— Work order —
Please copy all of the entries exactly, but drop every picture.
*** Data for this exercise Section Begins ***
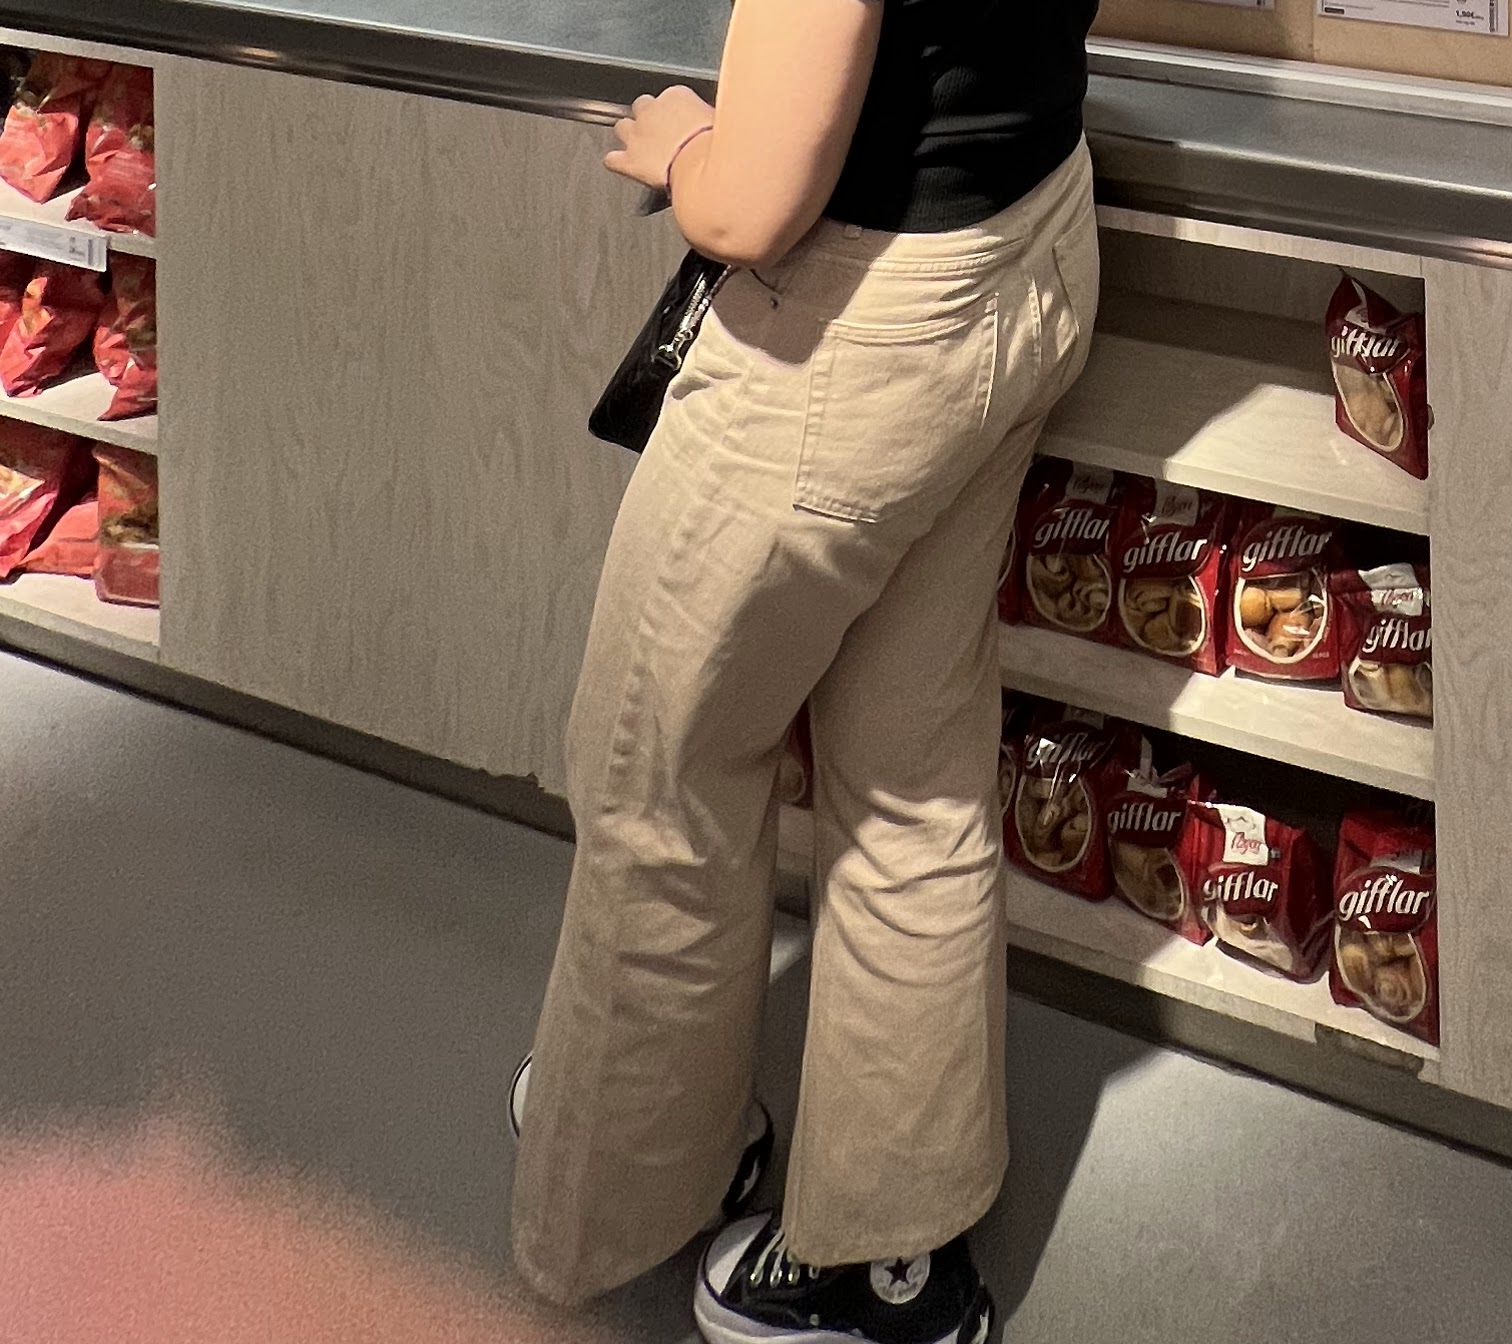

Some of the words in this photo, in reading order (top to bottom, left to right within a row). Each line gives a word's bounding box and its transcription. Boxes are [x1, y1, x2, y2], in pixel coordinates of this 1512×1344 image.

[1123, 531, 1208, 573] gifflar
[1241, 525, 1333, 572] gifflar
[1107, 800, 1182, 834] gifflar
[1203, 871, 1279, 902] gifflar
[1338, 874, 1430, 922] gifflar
*** Data for this exercise Section Ends ***
— Response box —
Some of the words in this photo, in reading order (top to bottom, left to right within a row). Each line gives a word's bounding box and its transcription. Boxes are [x1, y1, x2, y2], in pixel coordinates of this 1512×1344 image.

[1123, 531, 1208, 573] gifflar
[1241, 525, 1333, 572] gifflar
[1107, 800, 1182, 834] gifflar
[1203, 871, 1279, 902] gifflar
[1338, 874, 1430, 922] gifflar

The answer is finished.